As health care providers throughout BC struggle with stress, burnout, and swelling waitlists, one not-for-profit group operating medical clinics offers a hopeful glimpse of the future of family care in Kamloops.
Supporting Team Excellence with Patients Society (STEPS) formed five years ago in Kamloops to pull together different health care professionals into one larger interdisciplinary team. The resulting model is a community health care centre that offers various resources for family medicine, clinical care, rehabilitation, and social services. If the name STEPS doesn’t ring a bell then its clinics might be familiar: Orchards Walk Medical Clinic, Bee Well Kamloops Medical Clinic, TruCare Family Physicians, and Dr. Jeevyn Chahal’s 645 Victoria Street Medical Clinic.
At the heart of STEPS is a commitment to caring for the community and patients by supporting their team of medical, clinical, and social care providers with a clinic manager, billing specialist, a team of medical office assistants, other administrators, and a volunteer board of directors who have extensive business expertise.
“We think doctors should spend their time practicing medicine, not doing administration work,” says Christine Matuschewski, STEPS’ CEO. “In the STEPS model, doctors decrease the amount of administration that they need to do and increase the number of patients they can see. Their time practicing medicine and helping patients increases.”
STEPS cares for approximately 17,000 patients in the community, and Matuschewski says that number could increase to 20,000 patients by the end of the year as STEPS grows from about 65 people on the team and up to 80 by December.
The community health care centre approach means that patients can access most importantly longitudinal general family practice care with integrated, collaborative, team-based care approaches to supporting the outcome of best patient health. The unique model allows better access for people facing barriers to care. STEPS also provides outreach care for Indigenous people, women’s and sexual health services, LGBTQ2S+ and TransCare, and allied health care professionals including a dietician, social worker, pharmacist, registered nurses, diabetic educator, occupational therapist, and clinical counsellor.
Dr. Jeevyn Chahal joined STEPS a year ago, and she says the team-based care leaves her feeling supported, respected, and valued.
“Joining the STEPS community health care centre has renewed my love for family medicine and is allowing me to spend quality time with my patients, family, and friends,” says Dr. Chahal.
As STEPS continues to establish its clinics, the organization can dedicate time on quality improvement and evaluation, using patient data to understand its patient population.
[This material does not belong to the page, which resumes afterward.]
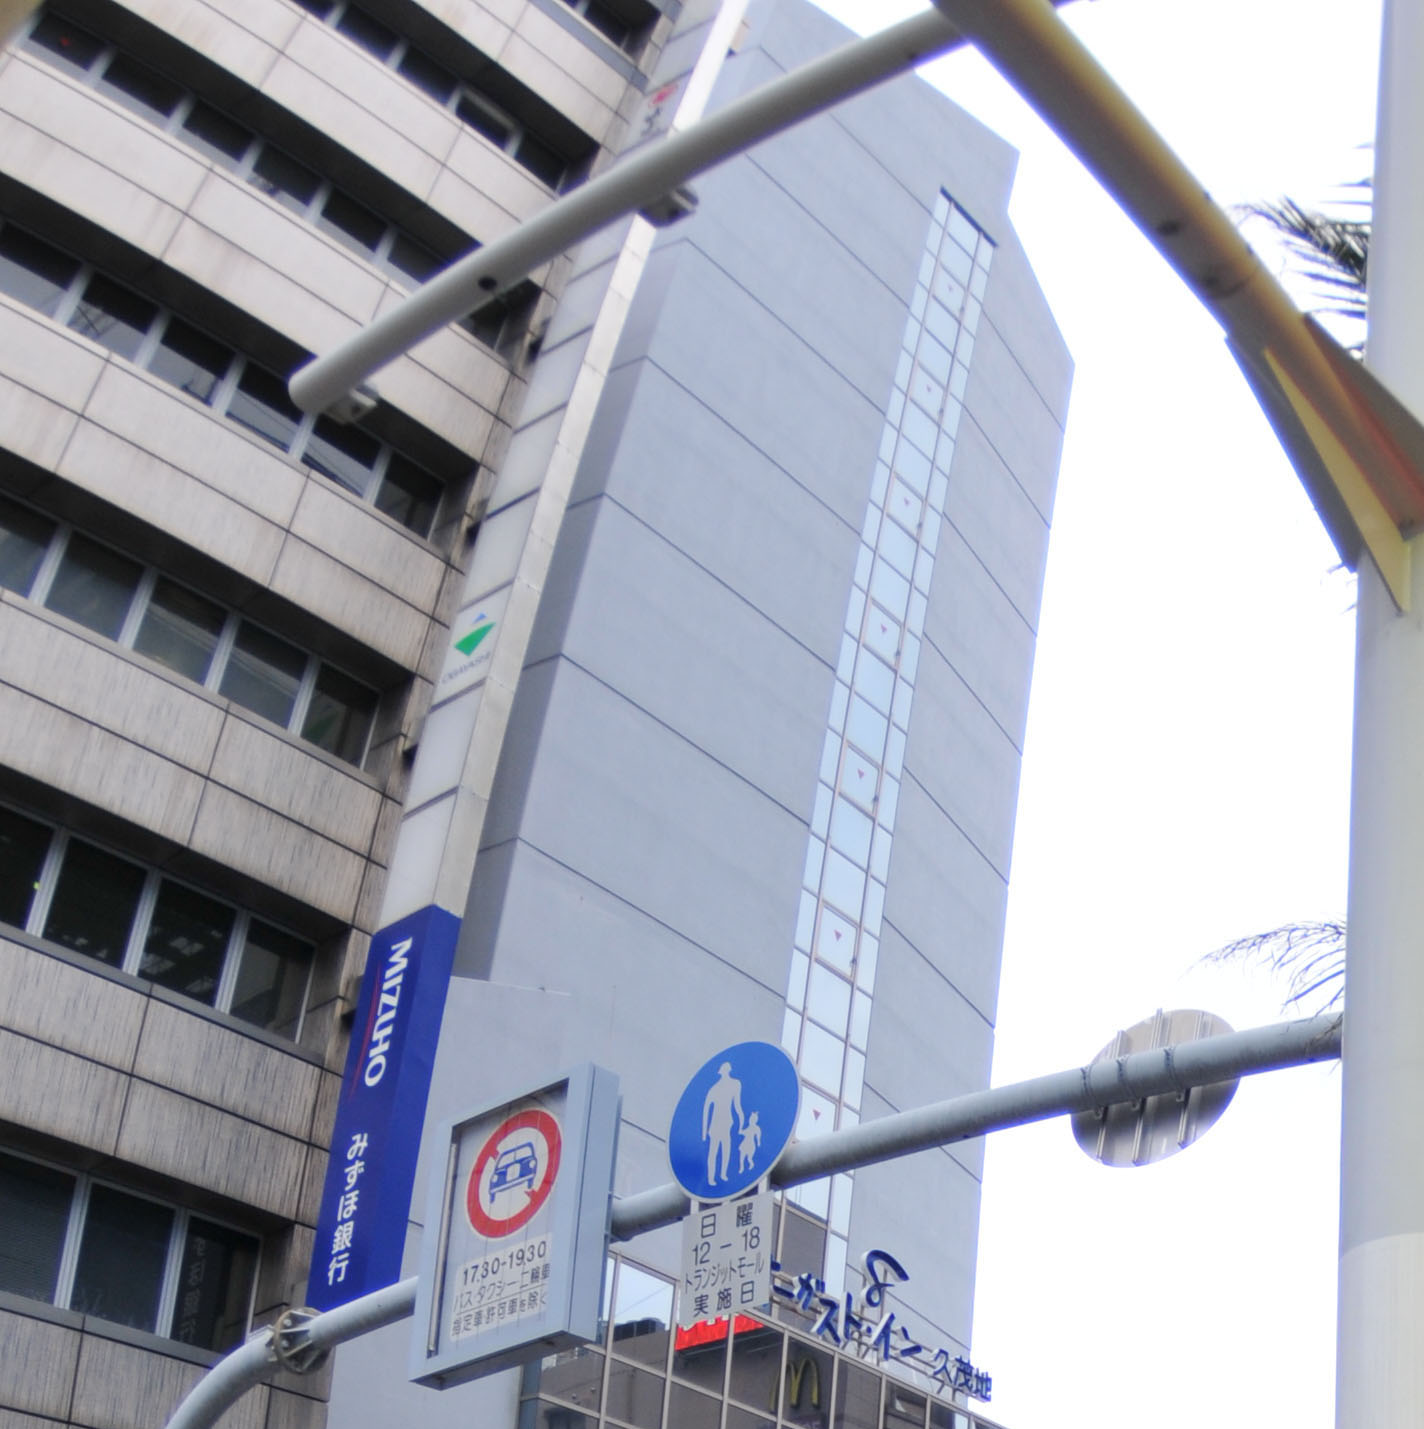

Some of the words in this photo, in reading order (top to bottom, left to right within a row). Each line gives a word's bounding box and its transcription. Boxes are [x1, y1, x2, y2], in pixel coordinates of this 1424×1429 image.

“For example, we can see a list of all our patients who deal with the chronic lung disease COPD, and look at where they live, see who needs respiratory therapy, and who requires a home visit, and start planning how to provide that care closer to home” says Matuschewski.
“We want communities in general to look at community health centres like STEPS, and see them as a viable option to lead and govern their own health care options in BC.”